I’m not going to notice you and look over my shoulder seventeen times just so you know I’m interested. I’m not going to accidentally bump into your shoulder to have an excuse to ask you to have a conversation. I won’t play the eye contact game or giggle politely. I don’t like games because to me, love will never be a game.
I am going to get lost in my work and thoughts because the truth is, I’m not looking for you and I don’t want you to be looking for me. I want to meet and start talking not to get another date, but to get to know you immediately. Right then and there. I don’t want to pretend that I may or may not be interested in you because the truth is I am genuinely interested in every person I have ever met until I have reason not to be.

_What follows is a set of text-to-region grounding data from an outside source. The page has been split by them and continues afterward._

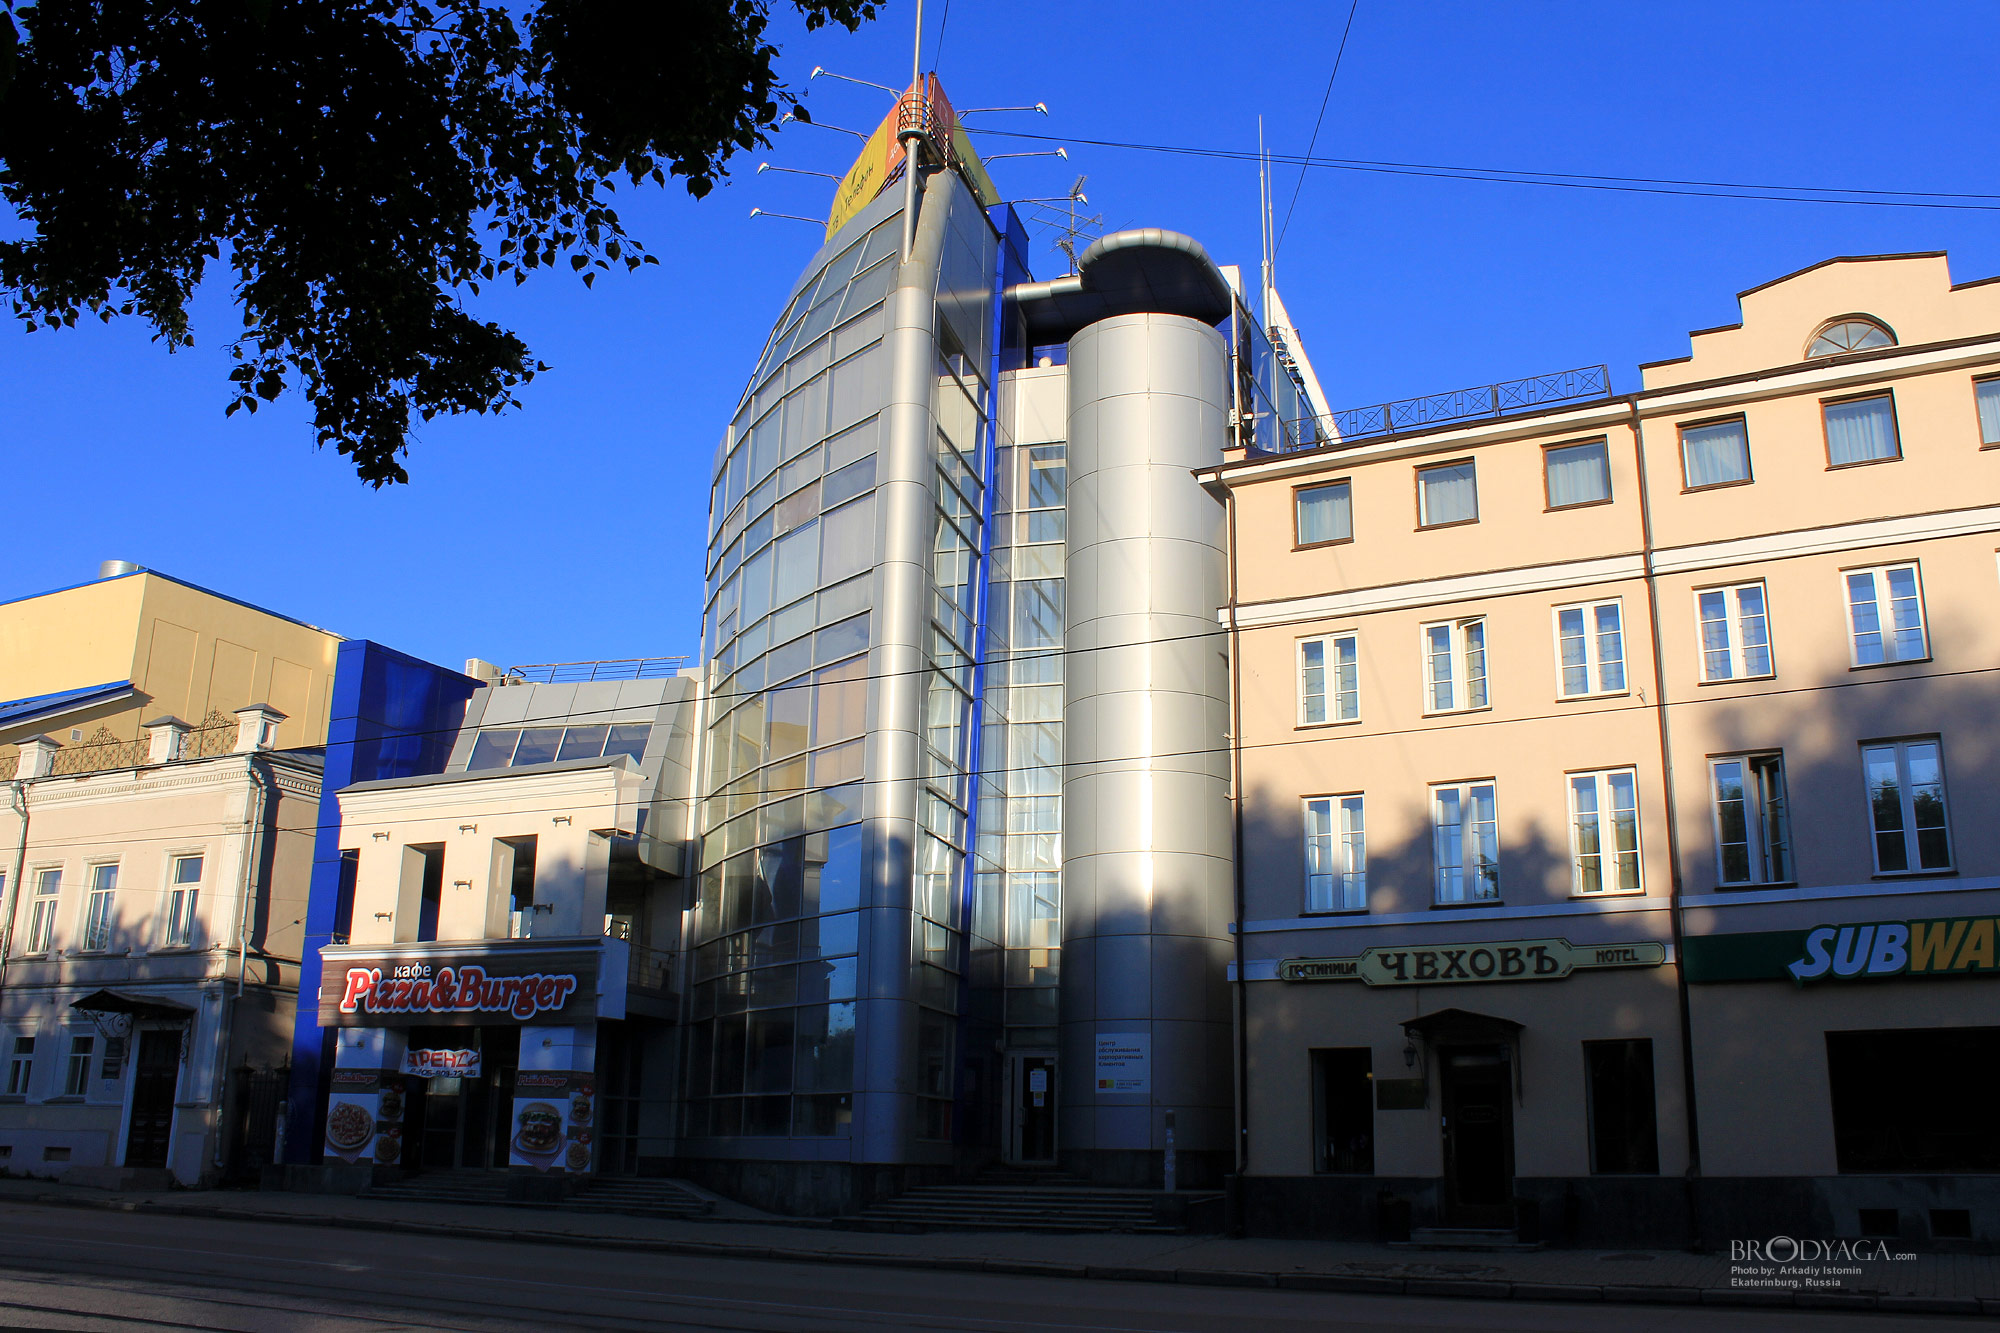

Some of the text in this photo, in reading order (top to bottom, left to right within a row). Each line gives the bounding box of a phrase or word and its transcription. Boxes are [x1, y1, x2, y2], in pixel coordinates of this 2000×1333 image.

[845, 162, 874, 211] Телефон
[394, 962, 432, 980] кафе
[1377, 945, 1560, 981] ЧЕХОВЪ
[1596, 948, 1639, 963] HOTEL
[1788, 919, 2000, 981] SUBWA
[339, 966, 577, 1020] Pizza&Burger

I will text you when I want to, not when Cosmo tells me I should. I will ask you to hang out whenever I want to see you, not after however many days society says I should to keep your attention. I will not work for your attention. I want you to give it to me willingly because what you see in me.

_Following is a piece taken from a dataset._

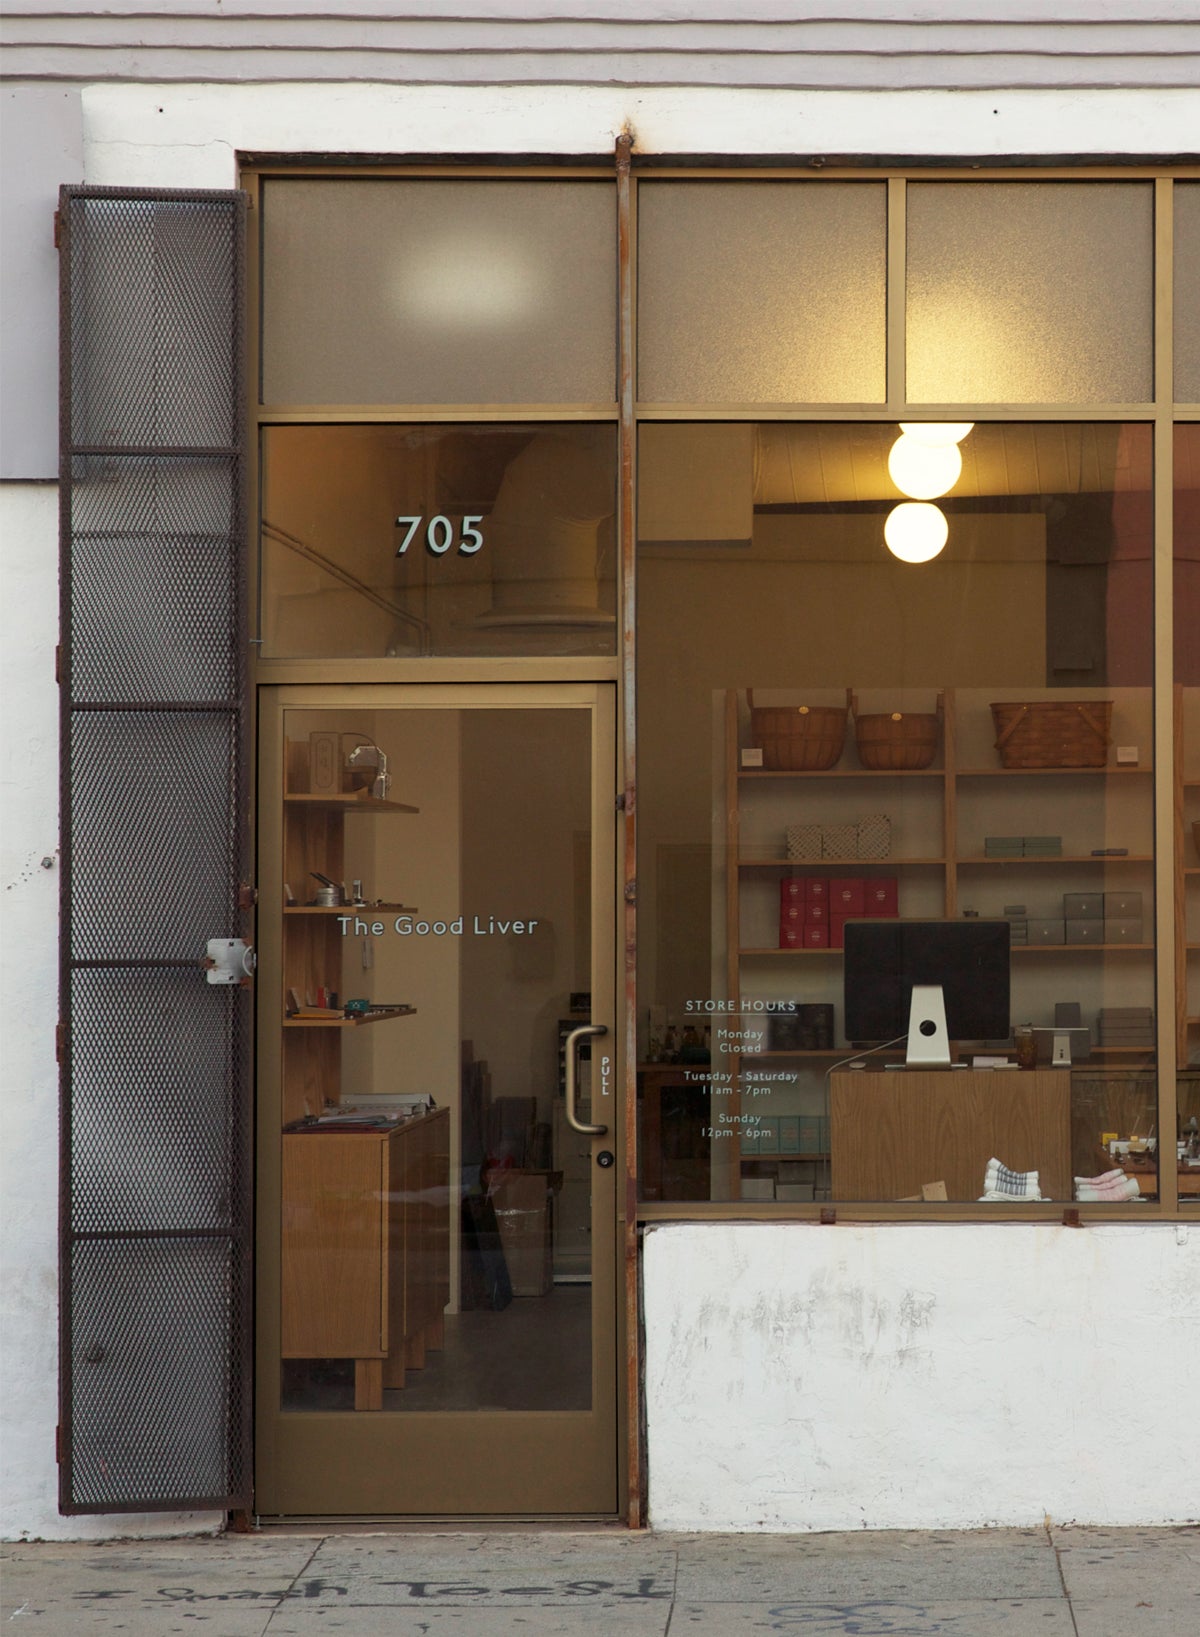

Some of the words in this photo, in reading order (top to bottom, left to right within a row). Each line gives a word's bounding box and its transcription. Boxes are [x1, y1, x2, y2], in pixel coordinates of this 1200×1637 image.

I’ll probably text you too much and share too many personal stories much too fast because I don’t waste my time sharing myself with someone. I give too much, feel to deeply and crave to cultivate relationships. I will never feel overwhelming or like I have to think of every word coming out of my mouth. I’ll ask you questions that you’ve answered a million times and questions that you never knew you’d be asked. With you, I’ll feel safe.
I’ll laugh way too hard at something you weren’t even trying to make funny and cry too hard during sad movies. I’m going to go way too fast and far too slow with you. I’m not going to wait until the third date to kiss you and I’m going to hope you hold my hand because it feels right, not because it’s appropriate timing.
I’ll be terrified of falling in love and excited to call you mine. I’ll surprise you with endless small things and expect nothing less than love and support. I’ll say those three words only when I know they are absolutely true and will show you every day how much I mean them.
I’ll be worried and overthink because I can’t help but stress myself out. I will say the wrong thing or make a mistake at some point because I’m human. I will apologize and forgive because two people can always work through problems if they try hard enough.
I will fight hard and love you even harder. I will take time to myself and need to be alone. I will kiss your shoulder goodnight and never feel like I can’t be my complete self around you. I will never speak to hurt you and always remind myself of how lucky I am to be yours.
I will always respect you and never disrespect myself in the process. You and I will be best friends in love and the fire we have my change in flame but will never die out. I will never feel like I am too much or not enough. Neither will you.
I will love you fiercely and proudly because I don’t know how to love any other way. That is how I am going to love you and if you don’t want this, you don’t want me.
But to someone, it is going to be everything and more. I’m not waiting for you, but I can’t wait until the day we meet.